▶ **ABOUT THIS TASK**: Exact repetition, pictures omitted: give every record below again.

──────── EXERCISE DATA ────────

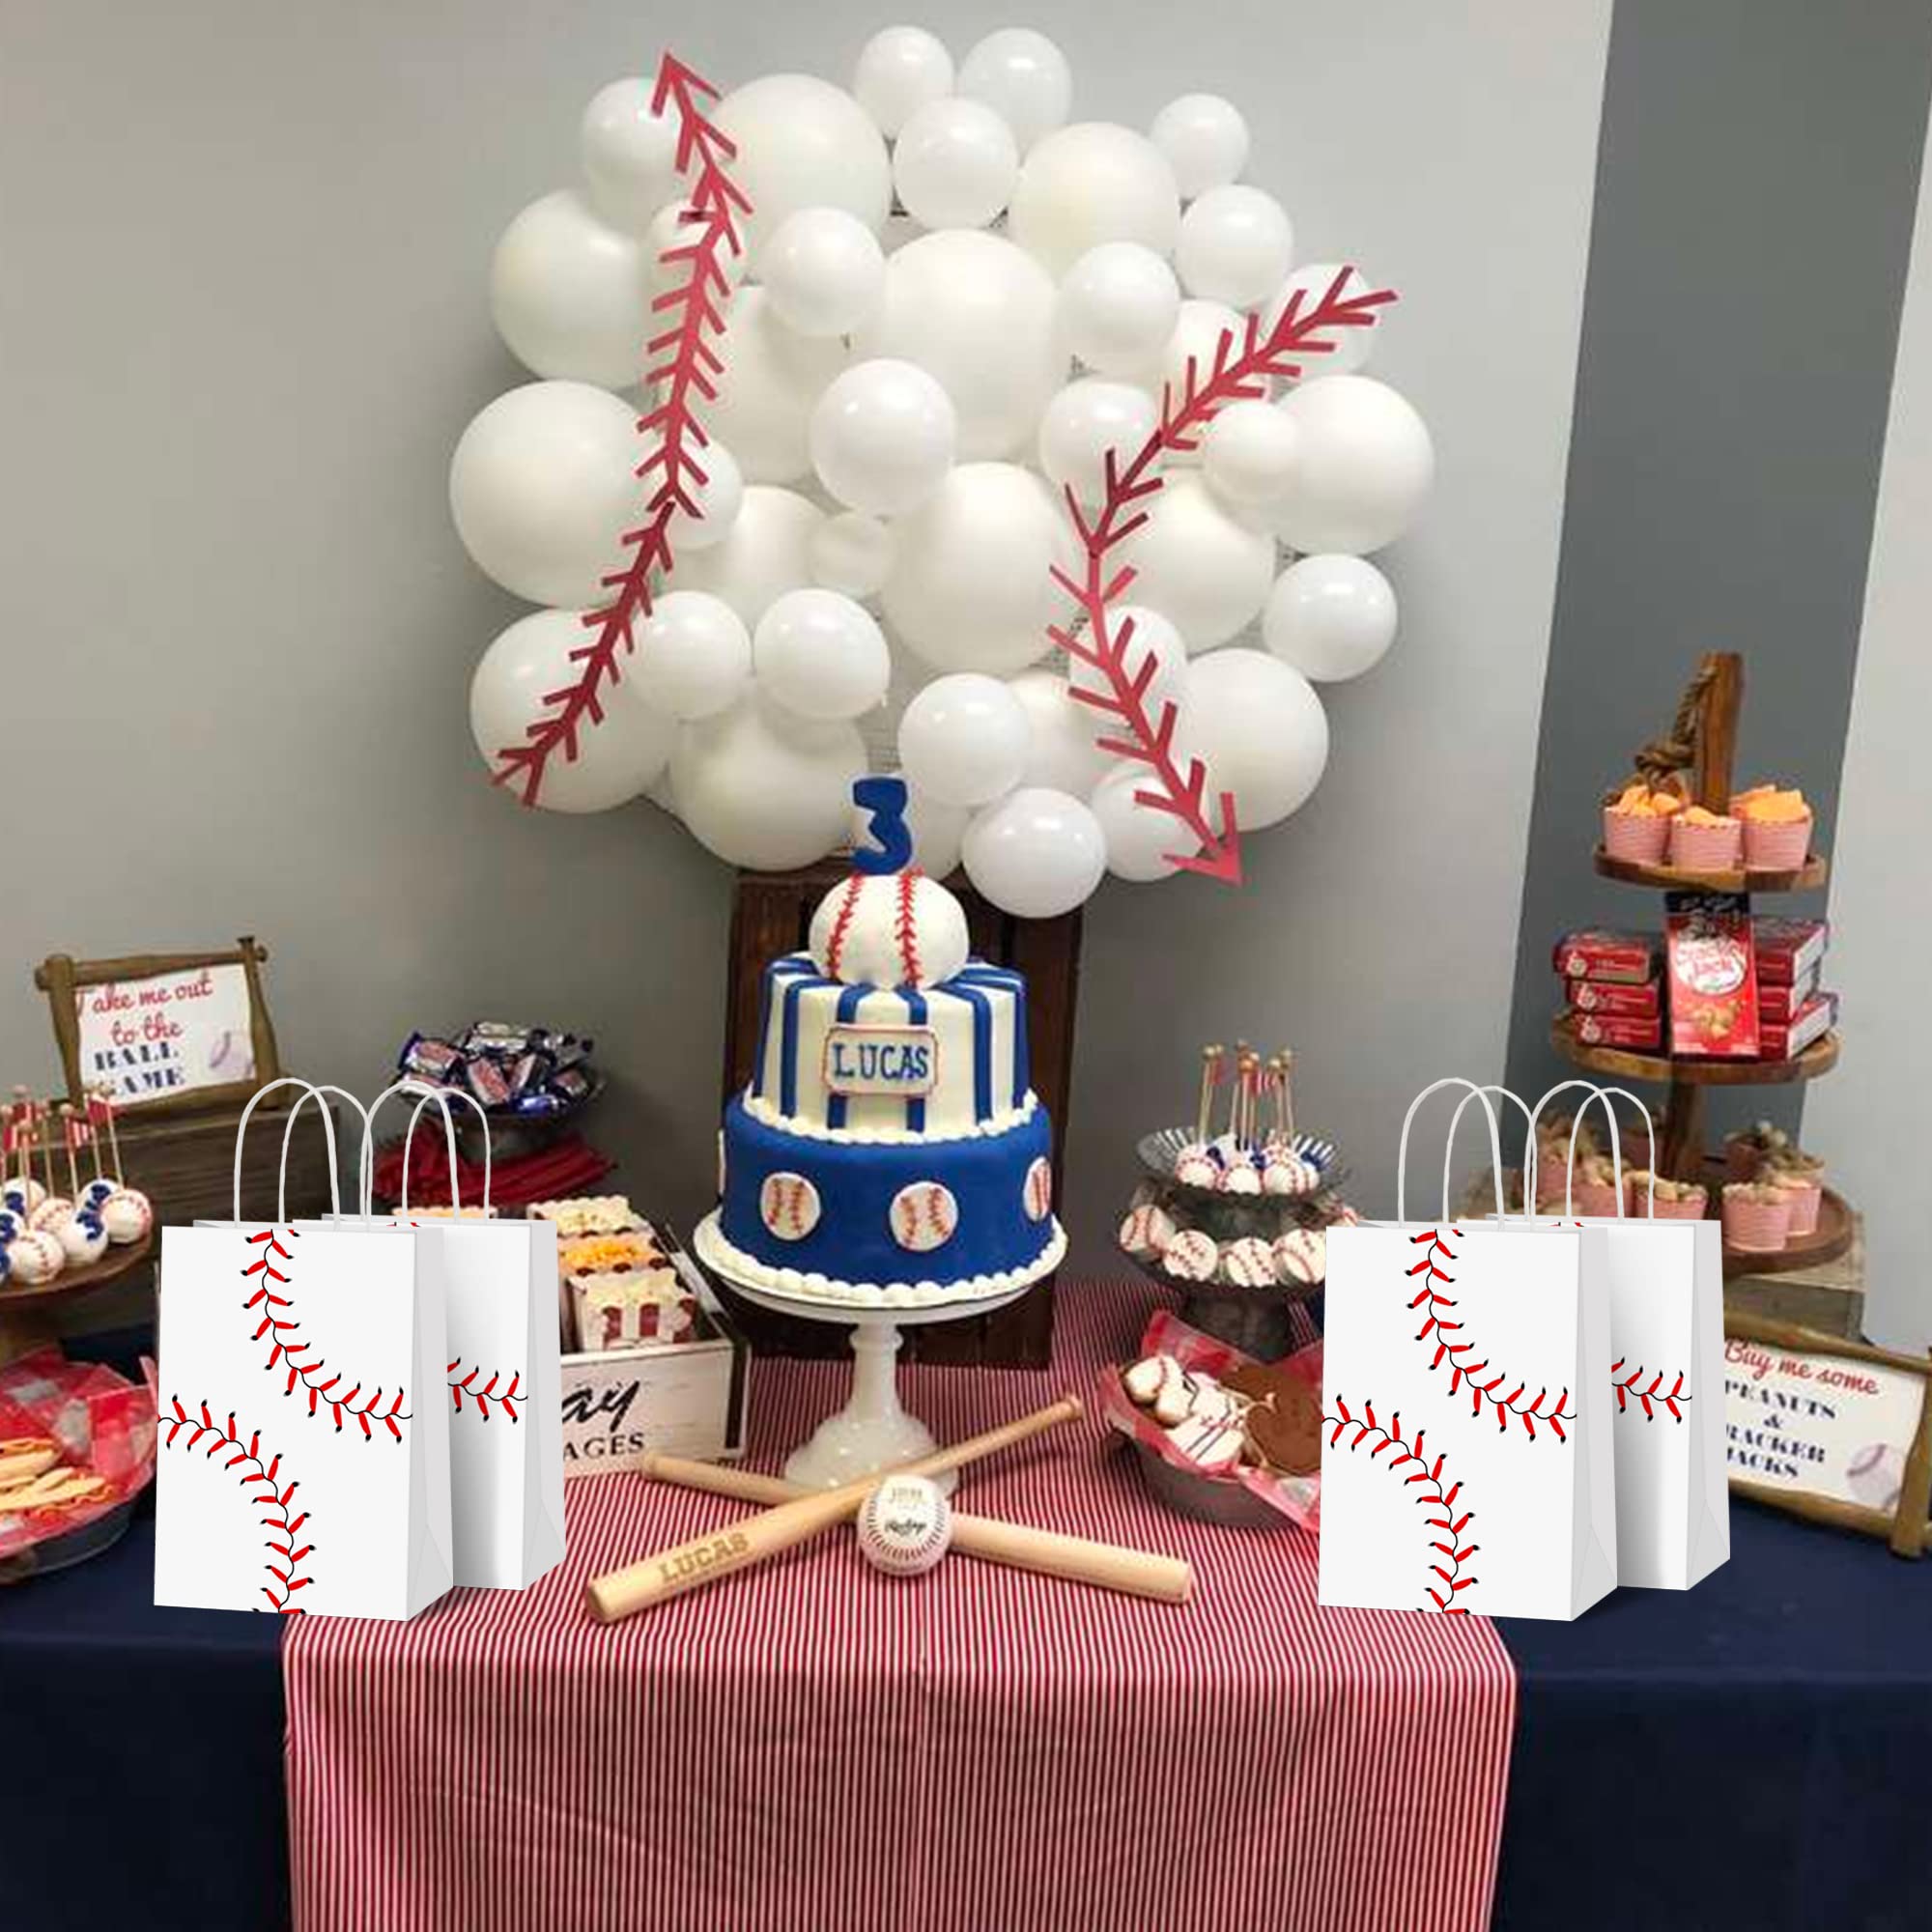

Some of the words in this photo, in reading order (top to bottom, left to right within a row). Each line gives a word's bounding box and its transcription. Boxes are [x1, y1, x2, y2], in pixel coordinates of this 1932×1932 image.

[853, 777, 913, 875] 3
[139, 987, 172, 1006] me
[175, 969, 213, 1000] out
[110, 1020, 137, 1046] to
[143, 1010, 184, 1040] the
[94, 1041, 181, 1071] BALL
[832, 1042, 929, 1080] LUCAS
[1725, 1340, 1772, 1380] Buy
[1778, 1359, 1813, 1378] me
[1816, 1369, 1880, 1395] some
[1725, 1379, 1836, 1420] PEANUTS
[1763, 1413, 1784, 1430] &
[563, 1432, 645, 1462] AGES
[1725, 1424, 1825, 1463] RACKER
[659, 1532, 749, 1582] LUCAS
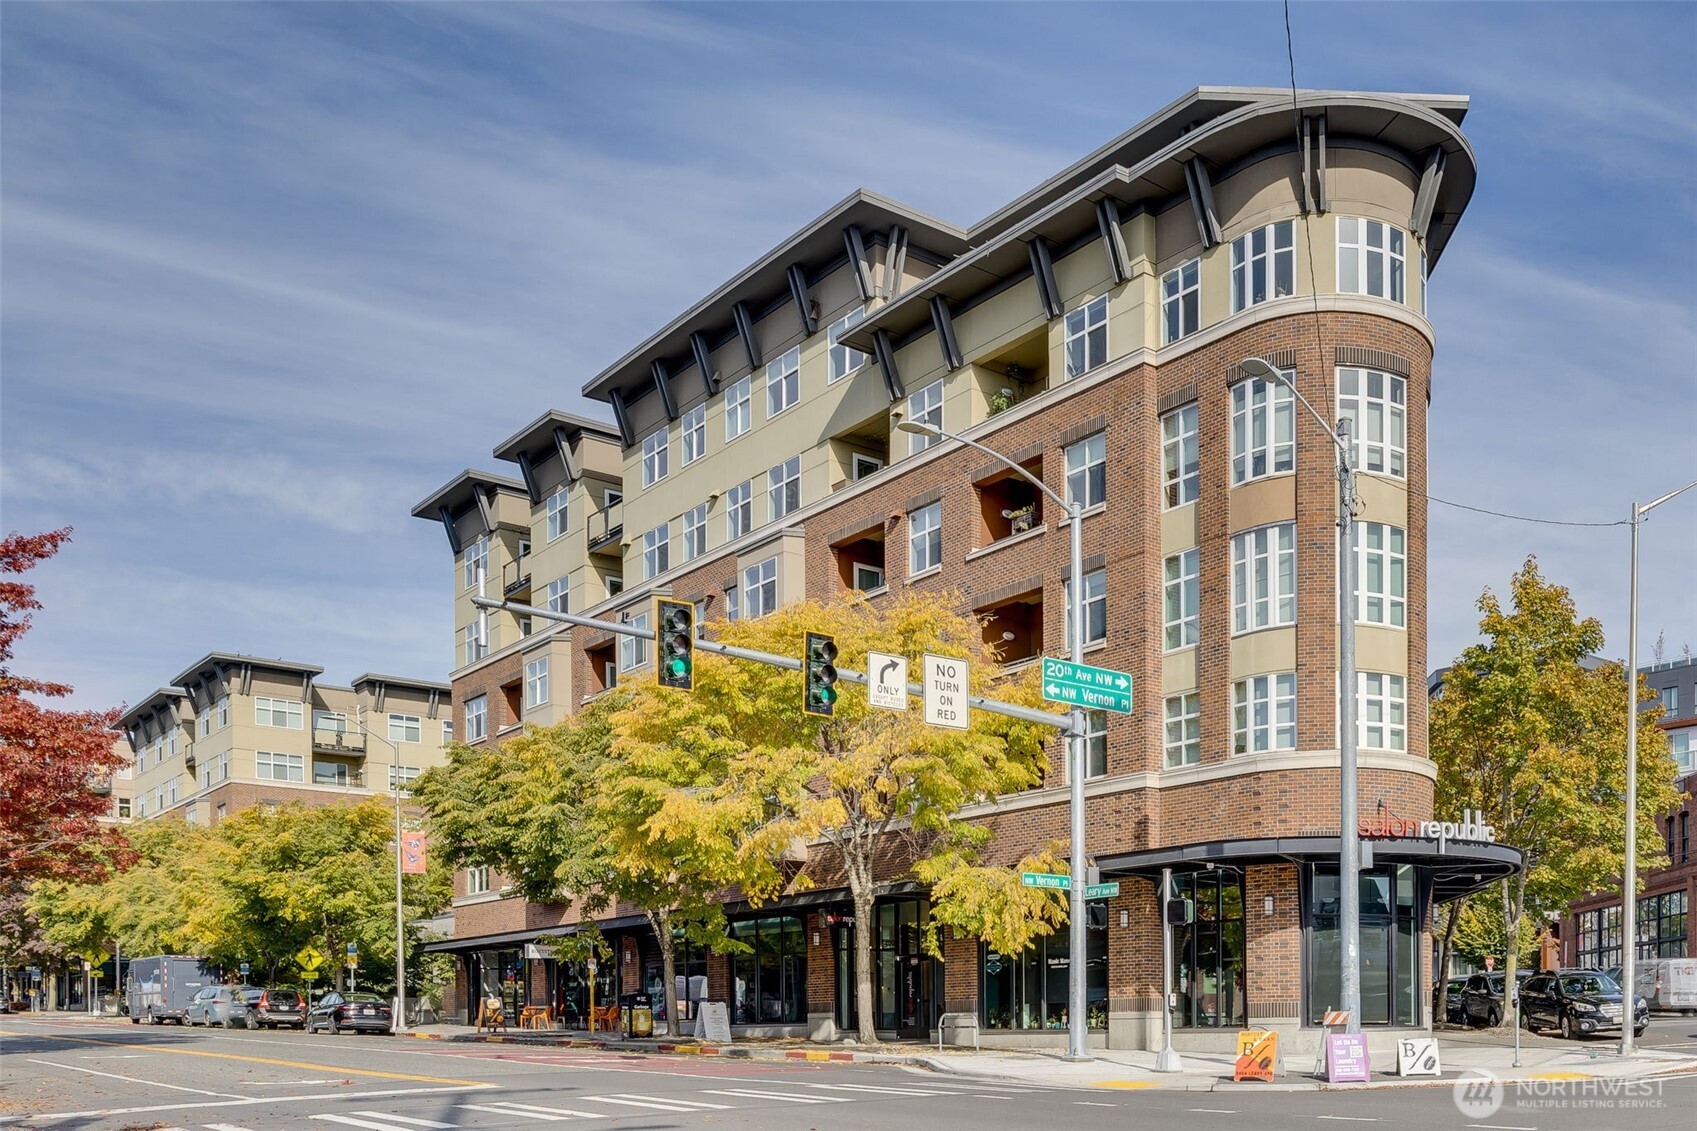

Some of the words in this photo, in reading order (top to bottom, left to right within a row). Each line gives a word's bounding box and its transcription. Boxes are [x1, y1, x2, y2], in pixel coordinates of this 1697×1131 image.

────────

▶ **EXERCISE OUTPUT**:
Some of the words in this photo, in reading order (top to bottom, left to right within a row). Each line gives a word's bounding box and its transcription. Boxes are [x1, y1, x2, y2], in pixel coordinates of this 1932×1932 image.

[853, 777, 913, 875] 3
[139, 987, 172, 1006] me
[175, 969, 213, 1000] out
[110, 1020, 137, 1046] to
[143, 1010, 184, 1040] the
[94, 1041, 181, 1071] BALL
[832, 1042, 929, 1080] LUCAS
[1725, 1340, 1772, 1380] Buy
[1778, 1359, 1813, 1378] me
[1816, 1369, 1880, 1395] some
[1725, 1379, 1836, 1420] PEANUTS
[1763, 1413, 1784, 1430] &
[563, 1432, 645, 1462] AGES
[1725, 1424, 1825, 1463] RACKER
[659, 1532, 749, 1582] LUCAS

Some of the words in this photo, in reading order (top to bottom, left to right within a row). Each line gives a word's bounding box and its transcription. Boxes are [x1, y1, x2, y2], in pixel coordinates of this 1697×1131 image.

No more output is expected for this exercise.